Wednesday, July 26, 2006

They are back....

They are back and back with a vengeance! I used to have these episodes, I think they may be panic attacks or anxiety attacks but I am not sure. I haven't had one since Nov 04. It seems that my successful IVF cycle sent them packing. I haven't had one since, but they are starting to come back. On Sunday I could feel one starting to come on and by Monday it was here. I got so used to them that I could function, at the basic level anyway but it has been so long I forgot how difficult they can be. Of course now I can't just curl up in bed and sleep until they pass.

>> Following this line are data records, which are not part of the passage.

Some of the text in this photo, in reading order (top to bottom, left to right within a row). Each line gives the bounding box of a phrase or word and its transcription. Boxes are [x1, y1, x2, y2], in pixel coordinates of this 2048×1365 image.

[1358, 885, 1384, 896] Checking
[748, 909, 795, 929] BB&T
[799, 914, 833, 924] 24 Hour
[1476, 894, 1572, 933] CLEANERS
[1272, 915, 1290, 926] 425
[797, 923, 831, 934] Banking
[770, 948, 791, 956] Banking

I am so frustrated that they are back, between that and the nasty depressing PMS that has also reared it's ugly head I am quite the mess. I spent about 5 years with some of this, then I had to have one ovary removed and then it got really bad. Sometimes I wonder if my hormones are so screwed up that is why I am suffering from IF (although I couldn't get PG the 5 years of trying before the surgery so I guess that's doubtful)

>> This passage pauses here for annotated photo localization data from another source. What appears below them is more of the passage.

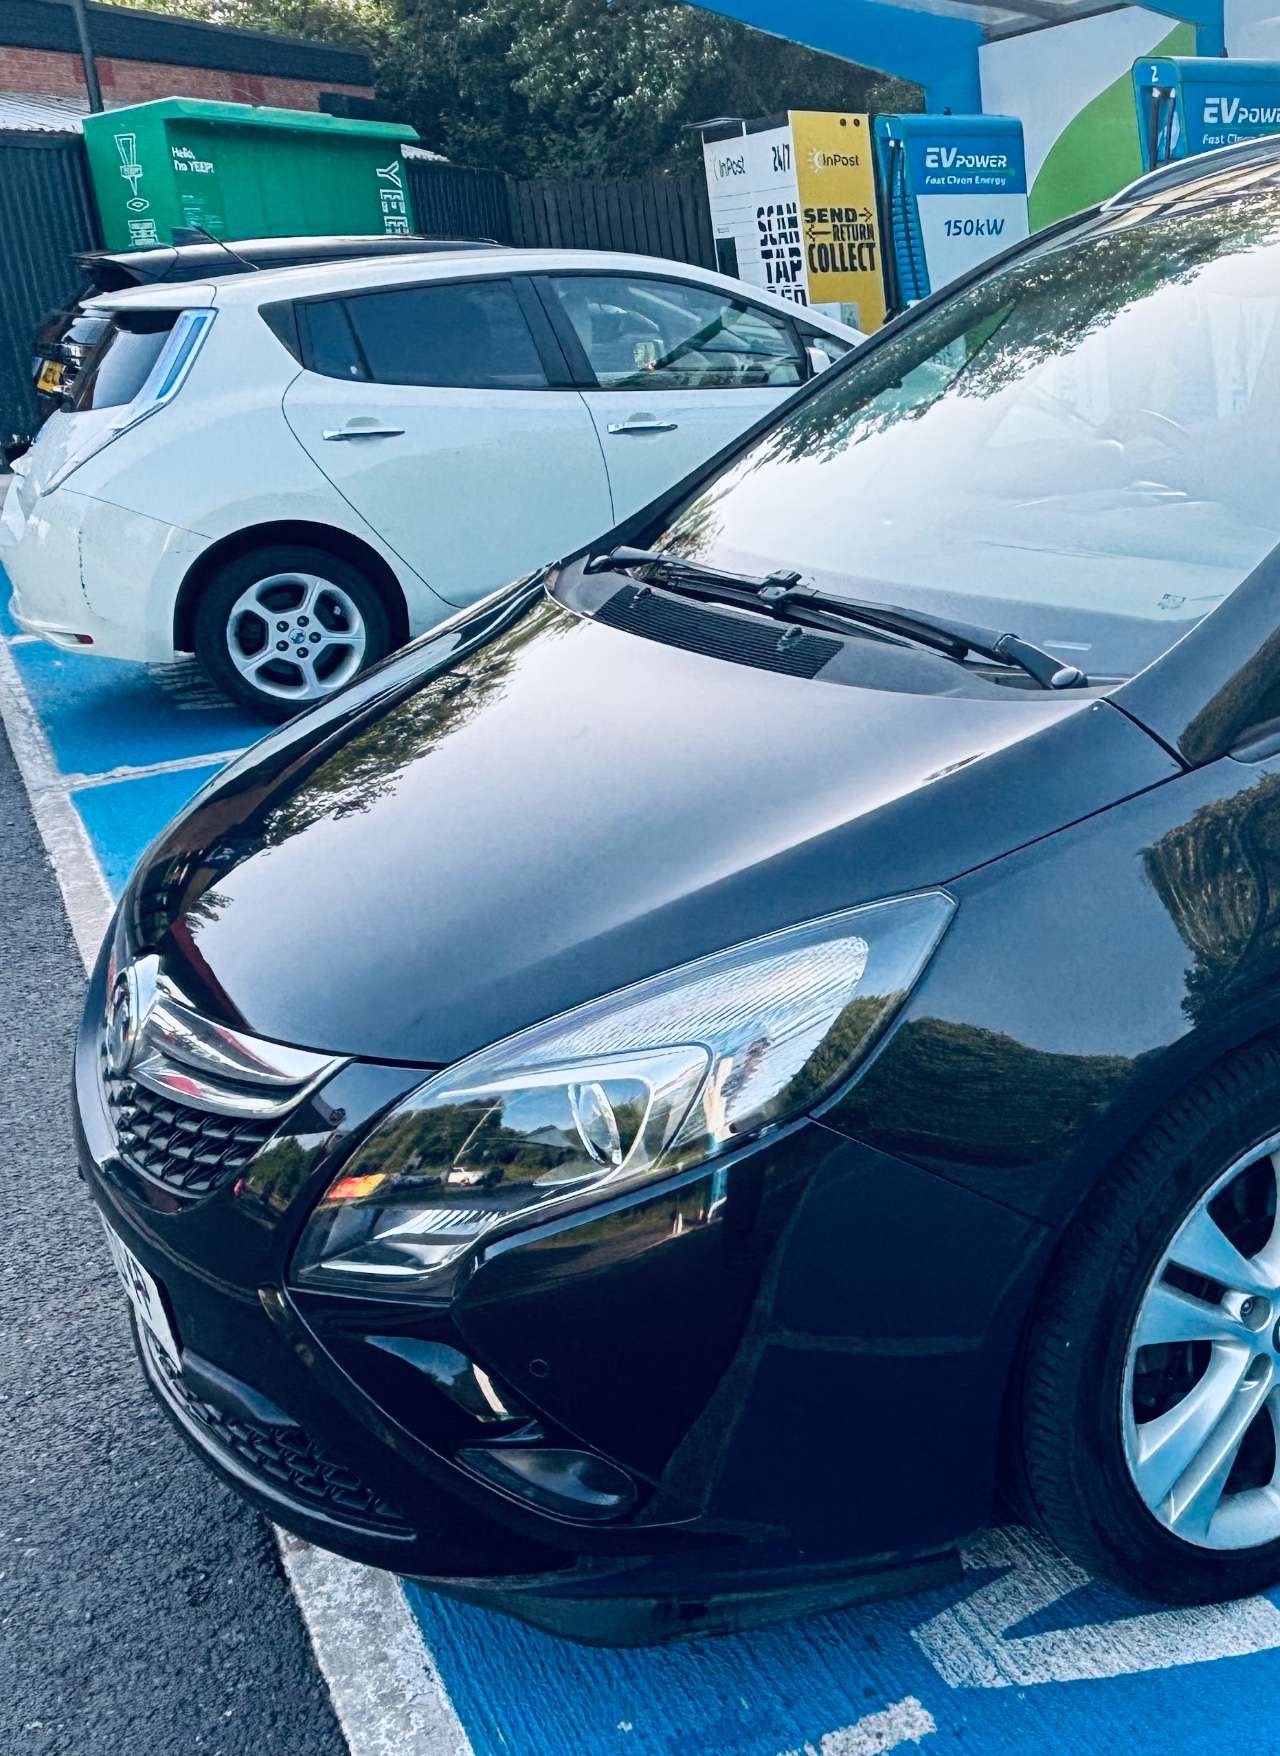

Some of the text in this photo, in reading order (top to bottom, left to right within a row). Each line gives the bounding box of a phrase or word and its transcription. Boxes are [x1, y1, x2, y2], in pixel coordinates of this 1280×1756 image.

[1150, 65, 1159, 83] 2
[1202, 133, 1225, 145] Fast
[718, 155, 746, 178] InPost
[823, 153, 860, 166] InPost
[925, 175, 946, 185] Fast
[803, 207, 858, 224] SEND
[832, 223, 875, 242] RETURN
[944, 218, 1005, 237] 150kW
[808, 242, 876, 274] COLLECT

I just wish I could get PG and be done with this IF stuff (other than the scars of course... but that will always be with me) and then take care of myself for a change. I am so sick of the grip that IF has on my life. I am frustrated that things have to be so freaking difficult on top of our IF struggles. I worry that all this craziness is making me strong for something horrible that is to come. I just want to end this battle with IF and FREAKIN WIN... but don't we all

On another note, sorry I haven't been posting as frequently it seems like I spend most of my spare time trying to keep up with your blogs...

Quote of the day
Fear does not have any special power unless you empower it by submitting to it.
Les Brown, Communication Bulletin for Managers & Supervisors, June 2004

Warning kids discussed
How to feel like a terrible mother... go to the pediatrician.

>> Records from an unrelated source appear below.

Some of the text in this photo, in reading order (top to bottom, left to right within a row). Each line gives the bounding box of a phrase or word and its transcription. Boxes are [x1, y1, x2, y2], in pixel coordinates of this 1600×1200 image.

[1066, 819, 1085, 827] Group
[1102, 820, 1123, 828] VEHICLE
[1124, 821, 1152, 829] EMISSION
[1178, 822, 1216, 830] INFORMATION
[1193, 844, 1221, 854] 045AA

So the boys had their one year appt this week. Nothing to report there. They are a little behind but that's what I expected (yes makes me feel like a bad mom, like I could be doing more, but with 2 sometimes it's just exhausting). Then he tells me to throw their bottles away, yup throw them away, cut them off cold turkey, just feed them out of a cup.

Using my better judgment I decided not to throw them away but try the cup. OMG it was horrible, we kept trying and trying, they were screaming and chocking and just generally sad. I was upset, their father was ready to thump the dr. They don't have the development to hold a cup and feed themselves yet. I suppose that's my fault? So to feed both of them at once with a cup seemed like such a daunting task. The dr. says that when they throw it on the floor they are done. Not done just unhappy and hungry. I tried for a couple of days because I really thought they would adjust to the cup but it was getting worse. So yesterday I tried a sippy cup, that went a little better and a few less tears. Between the craziness of trying to cut them cold turkey off of the bottle and my anxiety attack I am just a big old mess. Last night I broke down and gave them their bottles before bed... now I feel like I have undone all the work we have done. I am exhausted and feel like I have no clue what I am doing, I feel like I haven't been teaching my boys the skills they need to hold a cup and drink from it. They are so sweet and usually so happy and now I have made them so sad... and the screaming has hit new levels in the high pitch world.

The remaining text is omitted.